Shoulder discomfort at night can be frustrating, especially when it disrupts your sleep and leaves you waking up sore. Sleep is a time for the body to rest and repair itself, so when discomfort in the shoulder interferes, it can prevent you from getting the restorative sleep you need.
Over time, poor sleep quality can negatively impact overall health, impacting energy levels, mood, and even physical performance during the day. Addressing shoulder discomfort is essential for not just better sleep but also improved daily function.
Understanding what’s causing the problem is the first step toward finding relief, whether that means adjusting your sleep habits, changing your posture, or seeking professional guidance when needed.
Ready to learn more about nighttime shoulder discomfort and ways to find relief? Let’s get into it.
Understanding the Anatomy of the Shoulder
The shoulder is a complex and highly mobile joint, connecting the upper arm bone (humerus), shoulder blade (scapula), and collarbone (clavicle). It's supported by a network of muscles, tendons, and ligaments, including the rotator cuff, which helps maintain stability and control during movement.
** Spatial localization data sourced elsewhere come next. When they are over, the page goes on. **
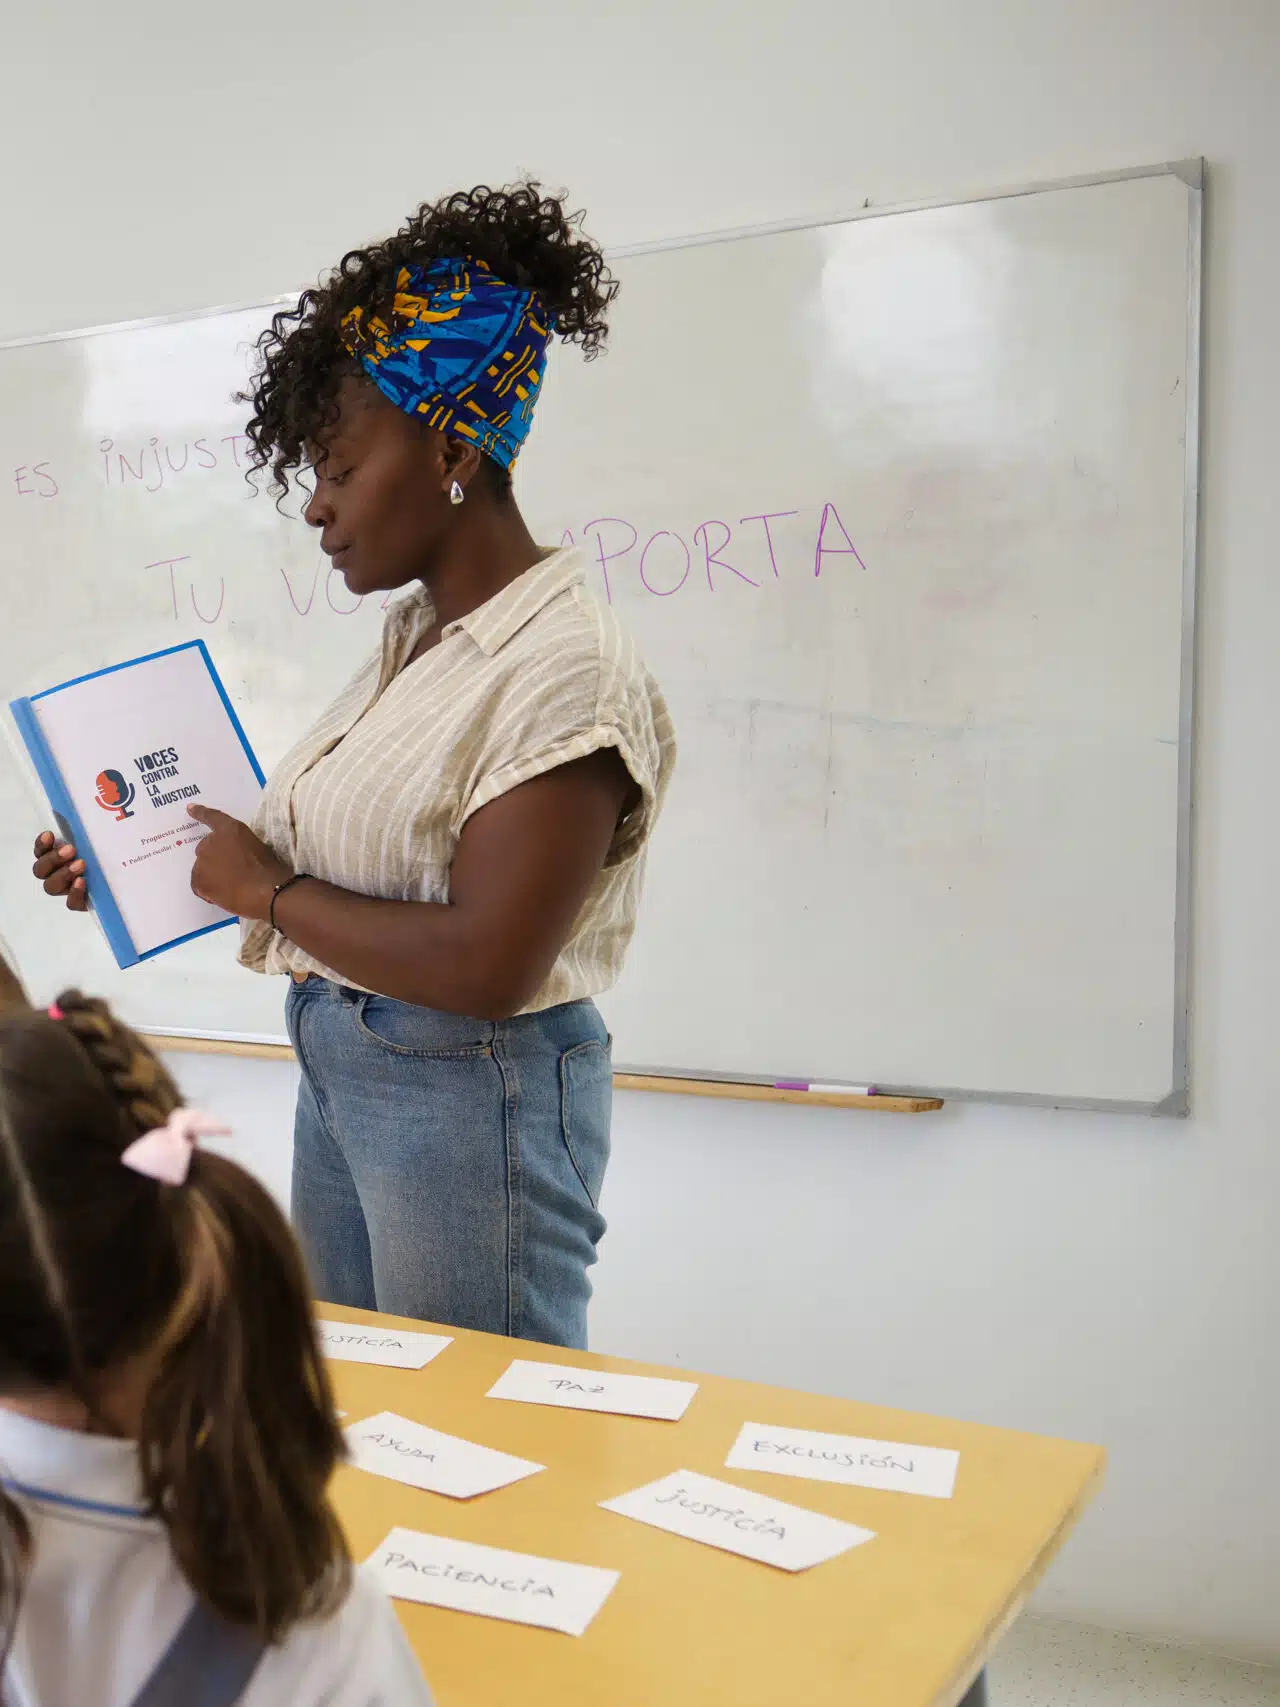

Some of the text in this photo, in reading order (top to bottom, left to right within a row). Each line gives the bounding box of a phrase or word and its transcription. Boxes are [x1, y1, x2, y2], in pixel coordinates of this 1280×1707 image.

[14, 461, 58, 498] ES
[144, 503, 867, 624] TU VO PORTA
[134, 747, 179, 773] VOCES
[141, 765, 179, 785] CONTRA
[146, 784, 160, 797] LA
[151, 784, 201, 808] INJUSTICIA
[141, 821, 200, 846] Propuesta colabor
[549, 1379, 605, 1394] PAZ
[362, 1432, 436, 1463] AYUDA
Because of its wide range of motion and intricate structure, the shoulder can be vulnerable to strain and injury, especially when it’s not properly supported during sleep. Discomfort in the shoulder often radiates to other areas, like the neck, back, or upper arm, making it difficult to pinpoint the source of the problem.
At night, lying in certain positions can compress these structures, leading to tension or a dull ache that can keep you up or cause frequent awakenings. This discomfort can disrupt your sleep cycle, resulting in restlessness, stiffness in the morning, and a lack of energy the next day.
Understanding the underlying anatomy of your shoulder discomfort can help you identify the root causes and make informed choices to protect your shoulder and improve your sleep quality.
5 Common Causes of Shoulder Pain While Sleeping
Shoulder discomfort while sleeping can stem from various factors, and pinpointing the root cause is key to finding effective solutions.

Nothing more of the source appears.